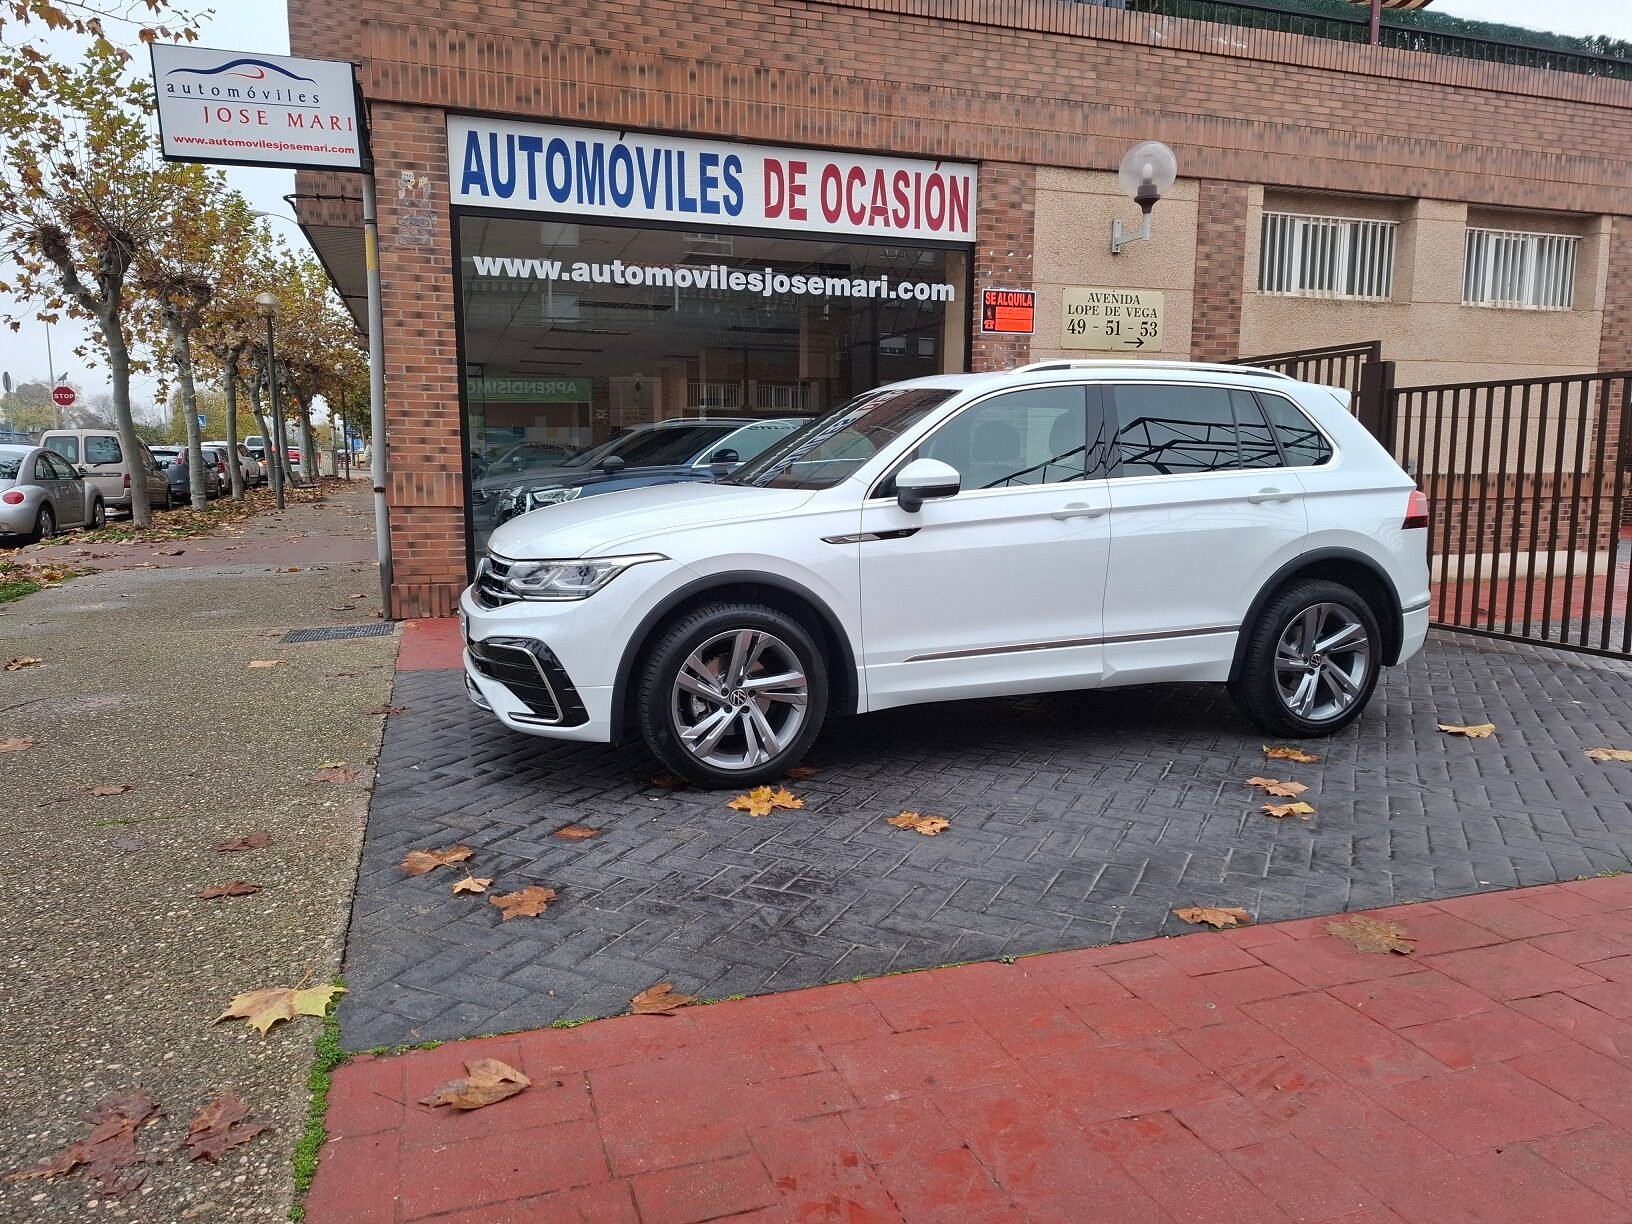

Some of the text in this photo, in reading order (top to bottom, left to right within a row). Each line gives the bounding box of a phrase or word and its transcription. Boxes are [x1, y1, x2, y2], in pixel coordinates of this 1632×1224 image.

[167, 83, 320, 104] automóviles
[203, 106, 353, 132] JOSE MARI
[173, 135, 355, 155] www.automovilesjosemari.com
[461, 129, 970, 233] AUTOMÓVILES DE OCASIÓN
[473, 255, 955, 302] www.automovilesjosemari.com
[985, 291, 1033, 307] SE ALQUILA
[1087, 292, 1141, 305] AVENIDA
[1067, 304, 1158, 318] LOPE DE VEGA
[1067, 318, 1086, 335] 49
[1105, 319, 1121, 336] 51
[1140, 321, 1158, 337] 53
====================
• _Problem to work on_
Print the full listing above exactly. Pictures stay out of the copy.

• _Finished task_
Some of the text in this photo, in reading order (top to bottom, left to right within a row). Each line gives the bounding box of a phrase or word and its transcription. Boxes are [x1, y1, x2, y2], in pixel coordinates of this 1632×1224 image.

[167, 83, 320, 104] automóviles
[203, 106, 353, 132] JOSE MARI
[173, 135, 355, 155] www.automovilesjosemari.com
[461, 129, 970, 233] AUTOMÓVILES DE OCASIÓN
[473, 255, 955, 302] www.automovilesjosemari.com
[985, 291, 1033, 307] SE ALQUILA
[1087, 292, 1141, 305] AVENIDA
[1067, 304, 1158, 318] LOPE DE VEGA
[1067, 318, 1086, 335] 49
[1105, 319, 1121, 336] 51
[1140, 321, 1158, 337] 53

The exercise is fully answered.